**Collected data entries**
◇ ◇ ◇

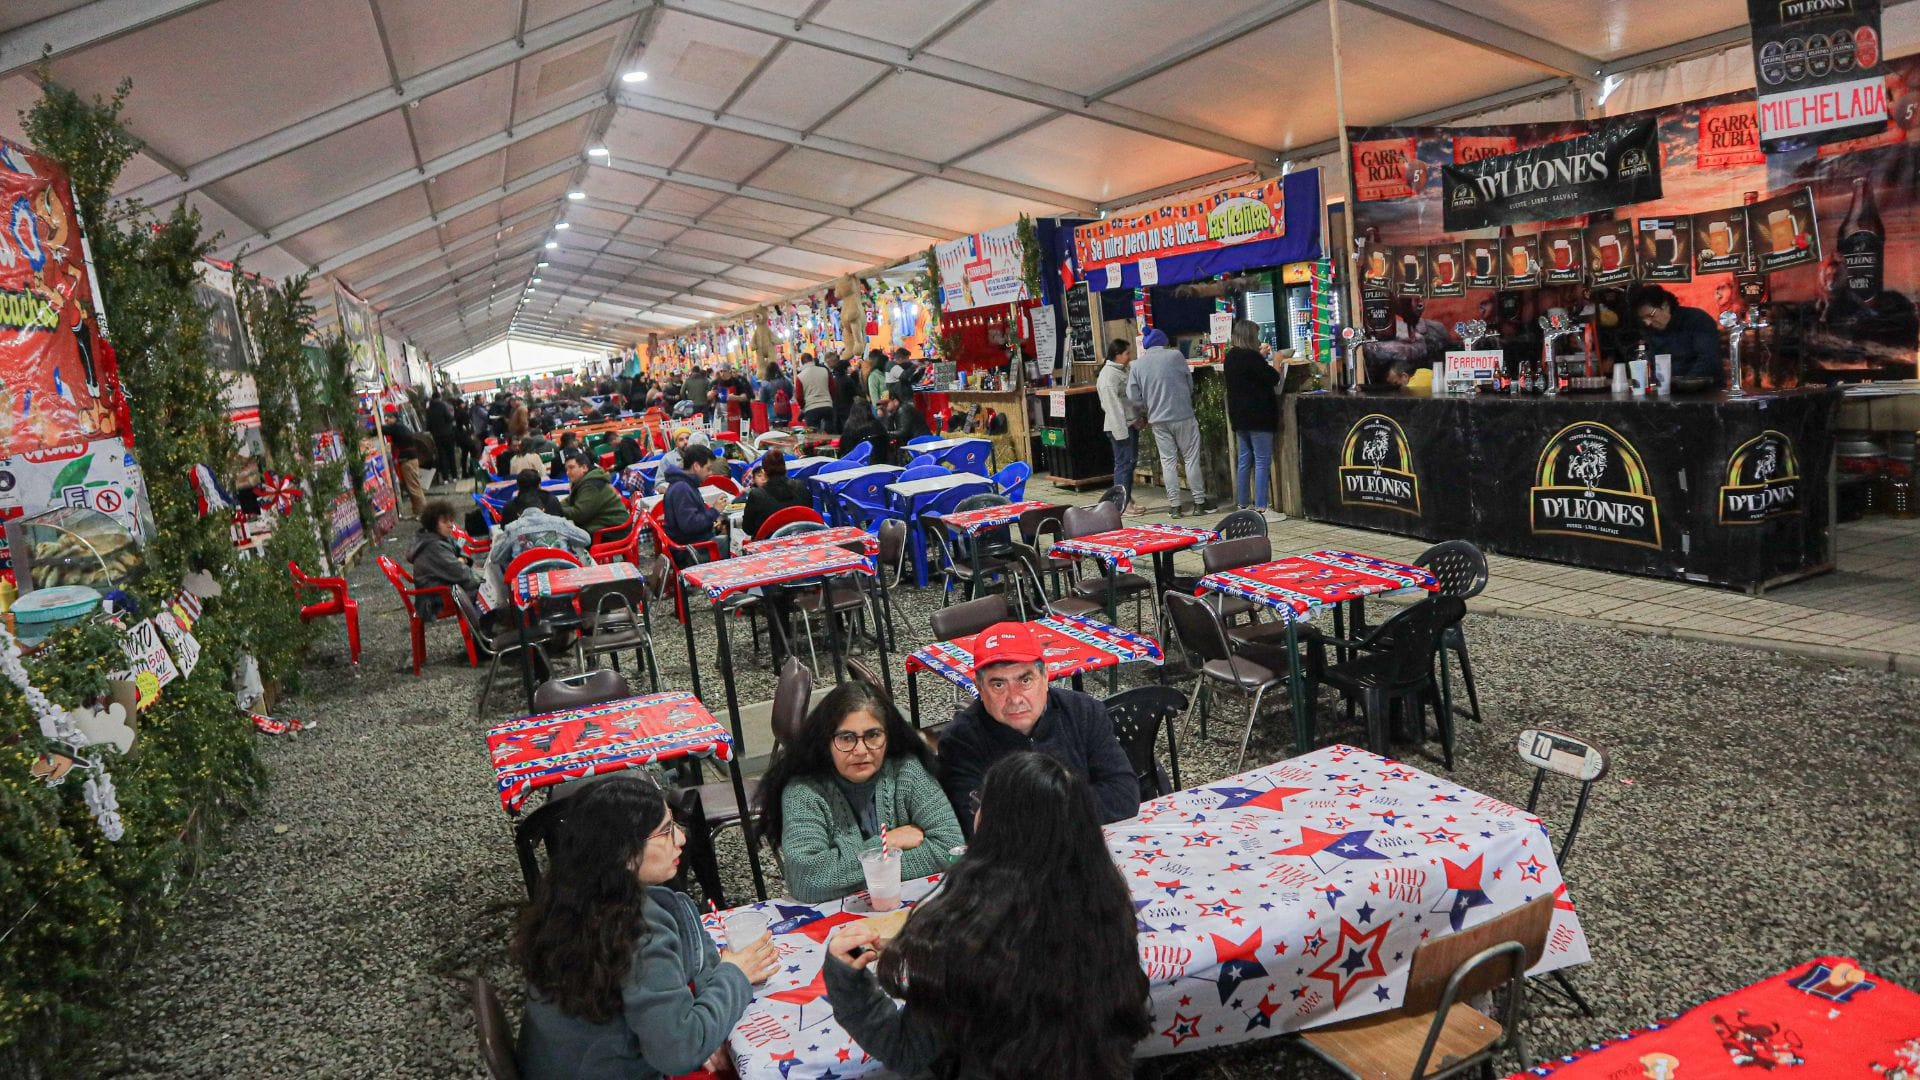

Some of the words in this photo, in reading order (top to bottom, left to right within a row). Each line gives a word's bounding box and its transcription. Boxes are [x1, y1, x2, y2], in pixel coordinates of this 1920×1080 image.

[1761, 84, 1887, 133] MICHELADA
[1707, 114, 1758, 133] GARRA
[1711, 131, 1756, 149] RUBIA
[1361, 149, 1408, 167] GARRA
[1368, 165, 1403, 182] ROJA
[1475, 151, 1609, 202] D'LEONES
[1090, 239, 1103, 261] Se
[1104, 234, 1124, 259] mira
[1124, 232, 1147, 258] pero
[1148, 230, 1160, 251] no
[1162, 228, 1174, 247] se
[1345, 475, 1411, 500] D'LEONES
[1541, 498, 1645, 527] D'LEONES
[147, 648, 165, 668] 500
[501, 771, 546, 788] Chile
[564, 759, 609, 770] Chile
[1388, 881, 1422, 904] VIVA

◇ ◇ ◇

Copy the lines above exactly. Do not include pictures.

Some of the words in this photo, in reading order (top to bottom, left to right within a row). Each line gives a word's bounding box and its transcription. Boxes are [x1, y1, x2, y2], in pixel coordinates of this 1920×1080 image.

[1761, 84, 1887, 133] MICHELADA
[1707, 114, 1758, 133] GARRA
[1711, 131, 1756, 149] RUBIA
[1361, 149, 1408, 167] GARRA
[1368, 165, 1403, 182] ROJA
[1475, 151, 1609, 202] D'LEONES
[1090, 239, 1103, 261] Se
[1104, 234, 1124, 259] mira
[1124, 232, 1147, 258] pero
[1148, 230, 1160, 251] no
[1162, 228, 1174, 247] se
[1345, 475, 1411, 500] D'LEONES
[1541, 498, 1645, 527] D'LEONES
[147, 648, 165, 668] 500
[501, 771, 546, 788] Chile
[564, 759, 609, 770] Chile
[1388, 881, 1422, 904] VIVA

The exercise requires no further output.